Cal Price and the Fabulous Feline Hoax

June 13, 2014 |
Pocahontas Times editor (1906-1957) Calvin Price avidly documented panther sightings in the newspaper. Photo from the WV State Archives.

Pocahontas Times editor (1906-1957) Calvin Price avidly documented panther sightings in the newspaper. Photo from the WV State Archives.

This article was written by Gibbs Kinderman and was first published in Goldenseal Magazine. 16:2;p13.

“Nobody in Pocahontas County has the slightest doubt but that the name of Cal Price will live on forever after he dies, that is if you can find anybody who believes he will die,” fellow journalist Jim Comstock wrote in 1953. “Most Pocahontasites think of him just living on and on like the trees of the forest.” Price was the editor of the Pocahontas Times for over 50 years, and his name indeed lives on.

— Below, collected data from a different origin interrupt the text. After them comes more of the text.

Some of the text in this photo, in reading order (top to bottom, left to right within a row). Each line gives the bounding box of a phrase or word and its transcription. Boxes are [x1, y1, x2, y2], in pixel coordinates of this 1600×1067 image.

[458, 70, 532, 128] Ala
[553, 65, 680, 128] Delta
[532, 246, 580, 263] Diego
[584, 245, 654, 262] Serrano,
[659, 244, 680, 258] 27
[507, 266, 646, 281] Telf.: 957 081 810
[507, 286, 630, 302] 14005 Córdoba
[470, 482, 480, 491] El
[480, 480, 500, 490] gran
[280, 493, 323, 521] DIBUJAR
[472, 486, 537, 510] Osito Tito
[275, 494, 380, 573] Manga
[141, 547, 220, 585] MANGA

Cal Price was a hard-core individualist. He liked the format of the paper when he became editor in 1905 and refused to change just to keep up with fashion. In a tribute written at his death in 1957, a Beckley paper called the Times “pleasantly anachronistic”. It went on to note that “It the heart of Cousin Cal and many of his friends or readers, there were three great newspapers in the world, the London Times, the New York Times, and the Pocahontas Times.

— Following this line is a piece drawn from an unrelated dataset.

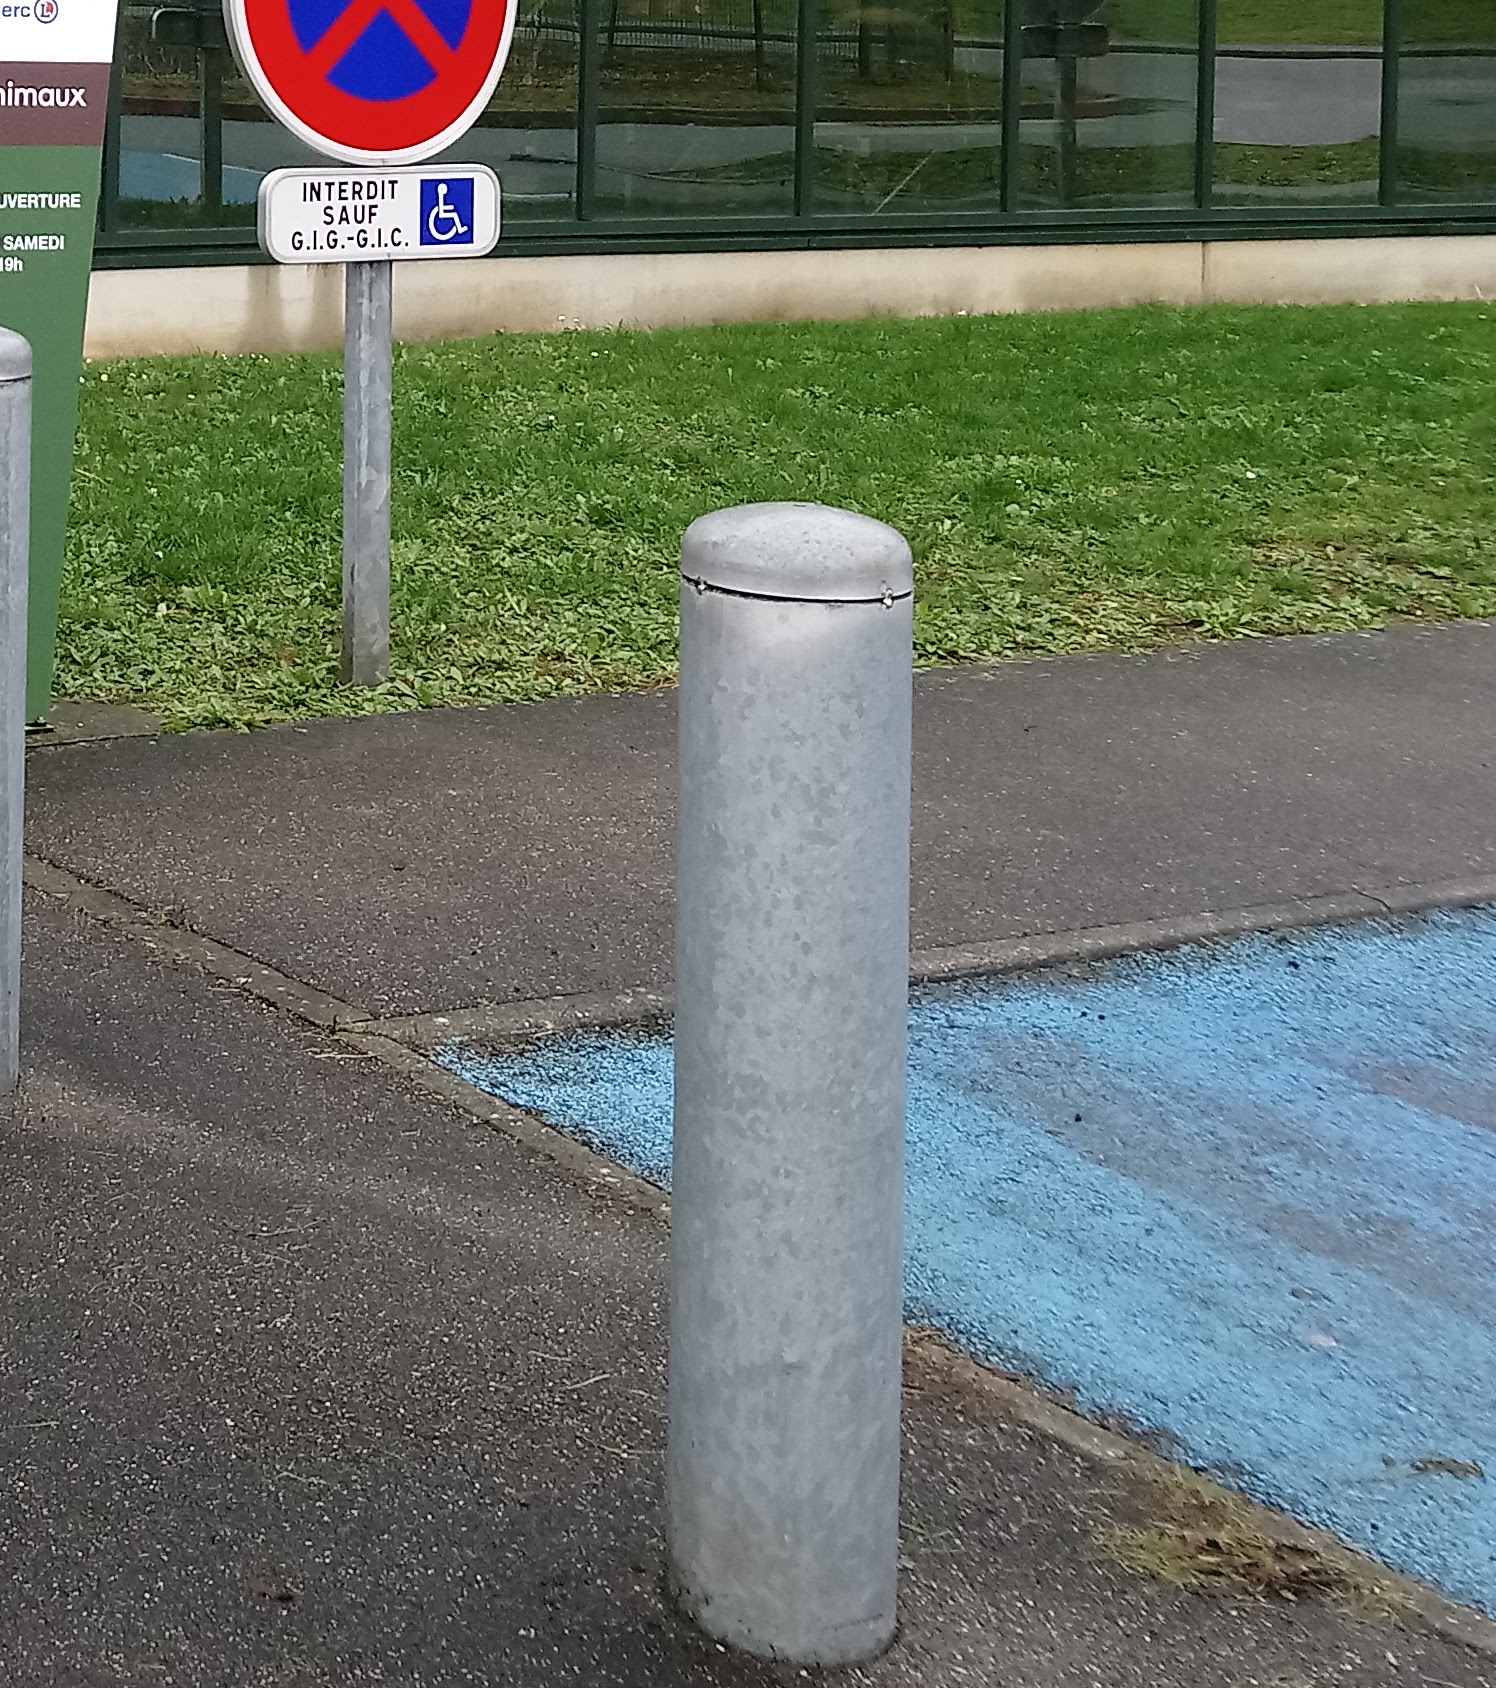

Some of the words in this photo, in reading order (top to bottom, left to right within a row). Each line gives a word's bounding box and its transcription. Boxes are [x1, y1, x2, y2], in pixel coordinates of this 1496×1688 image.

[302, 179, 399, 202] INTERDIT
[322, 204, 379, 225] SAUF
[3, 235, 65, 251] SAMEDI
[291, 227, 410, 251] G.I.G.-G.I.C.

And Cal Price was a conservationist, believing that “you don’t grow good people on poor land.” Next to his newspaper, his family and his Presbyterian God, Cal loved the woods of Pocahontas County. As he wrote in 1940, “I have lain with my feet to a campfire so many time I cannot sleep at nights with my feet under covers. This little weakness has been the cause of strained domestic relations in an otherwise happy, blissful household.”

He sang his love of the outdoors in his weekly “Field Notes,” a feature of the Times second page for decades. “I am a hunter and a fisher who kills less game and catches fewer and smaller fish and talks and writes more about it than any other person in the known world,” he wryly admitted.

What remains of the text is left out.